What seems to have fascinated Anderson about Boerum Hill was the tenuousness of the neighborhood’s creation. “The name had been coined so recently, and by such a small number of the residents, that people who had been living in the area all their lives had never heard of Boerum Hill and hadn’t the slightest idea where it was,” Anderson writes. Initially, he explains, the campaign to establish the neighborhood, undertaken in order to protect dilapidated row houses from being condemned and demolished, “faltered in the face of a firm conviction that Boerum Hill existed only in the heads of the people who had thought it up.”
Boerum Hill was thought up in my lifetime, by people I knew. Anderson’s account of them is prescient. It reveals a white middle-class population not only dislodging a poor and diverse one but defining them out of the picture. Yet few seemed aware that they were doing anything wrong.
The blocks that became Boerum Hill were ringed, mostly, by older and more clearly defined precincts, like the traditionally posh Brooklyn Heights, the Italian-immigrant enclave Carroll Gardens, and Park Slope and Fort Greene, shaped by long-standing Irish and Black homeownership, respectively. None of these places were simple. Their fortunes rose and fell with changes typical of urban life in the postwar twentieth century—white flight, and redlining by banks that preferred “urban renewal” projects and deals with developers to the renovation of old buildings. But those had been recognized neighborhoods to begin with.

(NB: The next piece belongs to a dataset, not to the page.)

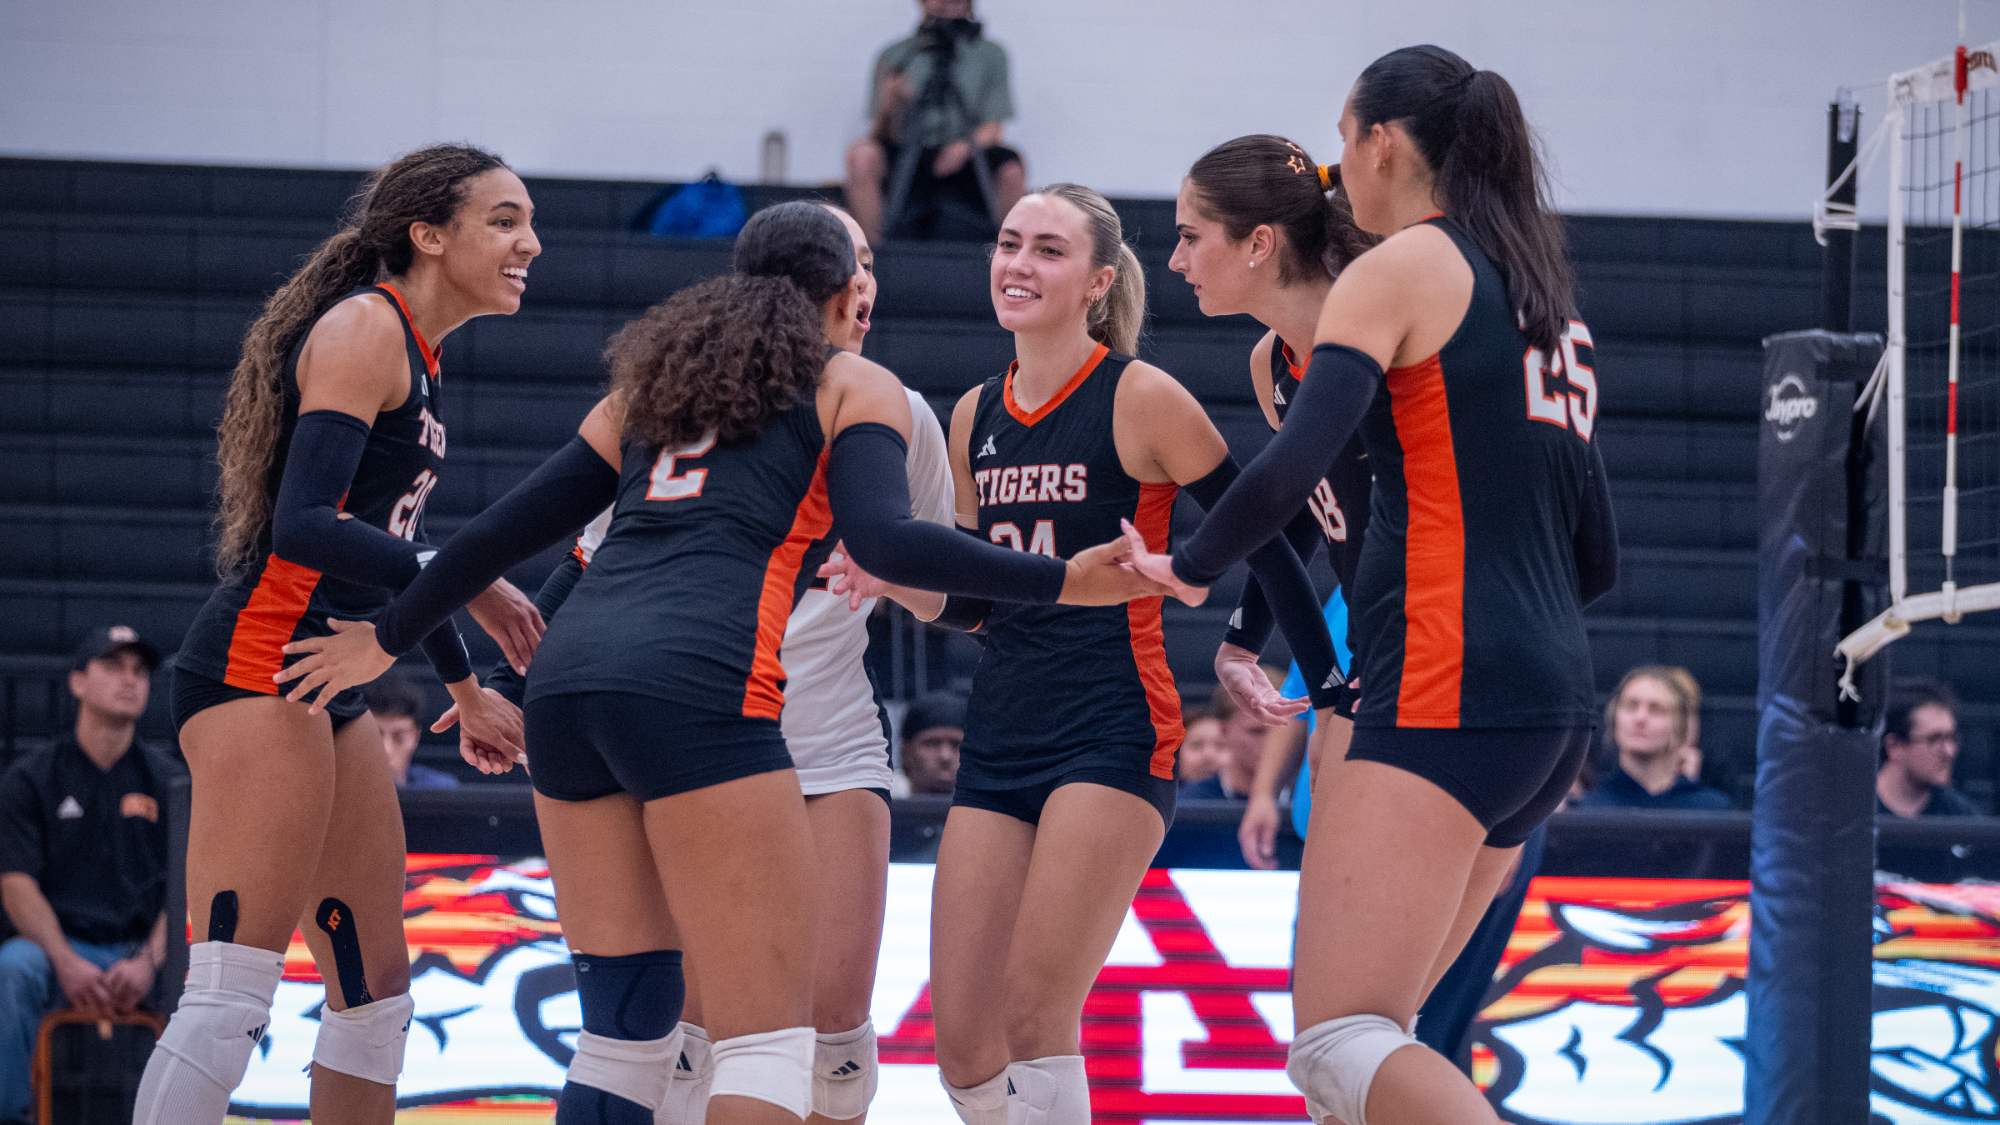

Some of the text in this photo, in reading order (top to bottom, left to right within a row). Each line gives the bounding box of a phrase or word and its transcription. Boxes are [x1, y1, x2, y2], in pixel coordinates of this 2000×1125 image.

The new Boerum Hill was something less, or more. Scooped out of what was loosely known as North Gowanus, it was bounded on the north by downtown Brooklyn, a district of commerce and civic institutions, and on the south by two large housing projects, built in 1949 and 1966, and by the famously polluted industrial Gowanus Canal. In the early nineteen-sixties, when the brownstoners Anderson interviewed first moved there, the blocks of Dean Street, Pacific Street, and Bergen Street, now known for the beauty of their restoration—or for their scandalous multimillion-dollar listings—were at risk of wholesale demolition. Some buildings were vacant and crumbling; others were rooming houses filled with men, many of them retired dockworkers, or they were home to Black or Puerto Rican or Dominican families. A community of Native Americans from Canada and upstate New York, Mohawks who’d come to build skyscrapers, had also lived in the area, and their traces were still in evidence.

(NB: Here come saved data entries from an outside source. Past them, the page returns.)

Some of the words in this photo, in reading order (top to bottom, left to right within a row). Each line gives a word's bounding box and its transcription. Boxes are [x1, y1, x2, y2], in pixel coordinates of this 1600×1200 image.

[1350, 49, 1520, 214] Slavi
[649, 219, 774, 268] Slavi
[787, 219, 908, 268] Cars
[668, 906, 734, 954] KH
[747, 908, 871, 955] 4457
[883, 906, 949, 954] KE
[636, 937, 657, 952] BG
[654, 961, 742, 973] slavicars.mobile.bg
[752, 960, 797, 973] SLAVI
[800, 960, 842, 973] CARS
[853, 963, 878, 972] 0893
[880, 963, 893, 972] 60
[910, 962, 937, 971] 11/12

The zone was more a crossroads than a neighborhood. In a process now familiar, it was transformed, not by real-estate speculation—at the start, bankers and developers wanted no part of these buildings—but by the arrival of white artists and idealistic leftists who valorized integration.
Igrew up on Dean Street. Some of Jervis Anderson’s subjects were parents of the children I ran with on the block; he might have passed us on his way up the stoop of a brownstone. The New Yorker was a common token among the aspirant middle class in the neighborhood. I learned to leaf through it backward, for the cartoons and for Pauline Kael. Yet I missed Anderson’s piece—perhaps that issue wasn’t one that was left out on the coffee table. When I discovered it, four years ago, I felt not only that I’d tunnelled through time to 1977 but that it offered something I’d long been denied. I’d spent years trying to conjugate the divisions I detected, as a child, among the white adults in my neighborhood. They’d chosen sides, at some point, over minute differences in attitude concerning their presence in Boerum Hill, and then covered the disagreement in silence. Here they were, talking.

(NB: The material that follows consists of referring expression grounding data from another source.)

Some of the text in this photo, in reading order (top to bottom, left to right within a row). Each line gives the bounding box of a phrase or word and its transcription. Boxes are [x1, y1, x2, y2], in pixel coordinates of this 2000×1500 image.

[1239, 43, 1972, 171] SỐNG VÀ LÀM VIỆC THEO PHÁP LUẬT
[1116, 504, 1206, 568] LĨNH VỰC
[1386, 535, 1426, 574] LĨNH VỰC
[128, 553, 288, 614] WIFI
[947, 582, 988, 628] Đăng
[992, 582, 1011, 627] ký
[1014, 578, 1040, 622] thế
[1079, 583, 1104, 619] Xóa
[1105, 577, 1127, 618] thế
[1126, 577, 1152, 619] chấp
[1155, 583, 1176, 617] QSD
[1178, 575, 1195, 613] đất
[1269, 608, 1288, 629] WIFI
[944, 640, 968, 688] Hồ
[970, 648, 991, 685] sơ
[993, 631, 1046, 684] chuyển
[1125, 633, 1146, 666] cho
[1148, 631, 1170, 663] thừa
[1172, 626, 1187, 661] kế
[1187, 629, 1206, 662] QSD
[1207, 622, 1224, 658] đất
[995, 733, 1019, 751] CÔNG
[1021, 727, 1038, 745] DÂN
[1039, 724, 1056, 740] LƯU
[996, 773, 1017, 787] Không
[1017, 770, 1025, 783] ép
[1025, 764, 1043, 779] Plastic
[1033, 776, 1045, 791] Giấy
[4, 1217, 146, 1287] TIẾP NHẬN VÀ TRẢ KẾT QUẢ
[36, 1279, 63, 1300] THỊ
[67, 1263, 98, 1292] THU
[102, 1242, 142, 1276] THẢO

I’d stumbled across a companion I hadn’t known to wish for—yet an elusive one. Anderson’s presence is sublimated, as was typical of the style of The New Yorker under William Shawn’s editorship, and typical, too, of Anderson’s own style: self-effacing, to an unusual degree.
There had been Black staffers at The New Yorker before Anderson. Charlayne Hunter-Gault, who with her classmate Hamilton Holmes broke the color line at the University of Georgia, did the same for the magazine’s writing staff when she was elevated from assistant to staff writer, in 1964. Dorothy Dean, whose fabulous, tragic life is portrayed in Hilton Als’s book “The Women,” worked in the fact-checking department in the same period. Yet Anderson, from the time of his hiring, in 1968, until the arrival of Jamaica Kincaid, in 1976, was the lone Black staff writer at the magazine. He wrote pieces on Alex Haley and Ralph Ellison, and a four-part series about Harlem, later collected as “This Was Harlem,” by Farrar, Straus & Giroux. Anderson also wrote biographies of the civil-rights leader A. Philip Randolph and of Randolph’s extroverted lieutenant Bayard Rustin, an early mentor of Anderson’s.
Unlike Rustin, and unlike his hero James Baldwin, Anderson was soft-spoken. Few staffers who recalled him to me failed to mention his reserve. “He was a solitary guy,” Ian Frazier said. Of their conversations in the hall, Frazier told me, “Mostly these were about Shawn not running our pieces.” Jamaica Kincaid, who worked alongside Frazier—known as Sandy—as a writer for the Talk of the Town, shared a story about how Anderson had once given her a kiss as he passed her in the hallway. “I immediately ran to Sandy’s office,” she said. “I told him what had just happened and we laughed ourselves silly because Jervis was so mild-mannered, not seemingly vulnerable to such passionate outbursts. The kiss was most welcomed by me because he was attractive and brilliant.” Anderson was a democratic socialist, according to the staff writer Hendrik Hertzberg. The two men bonded in the magazine’s offices over politics, and Hertzberg suggested to me that Anderson’s deeper commitments may have been outside The New Yorker: “The Irving Howe crowd, the whole Dissent masthead, those were Jervis’s real friends.”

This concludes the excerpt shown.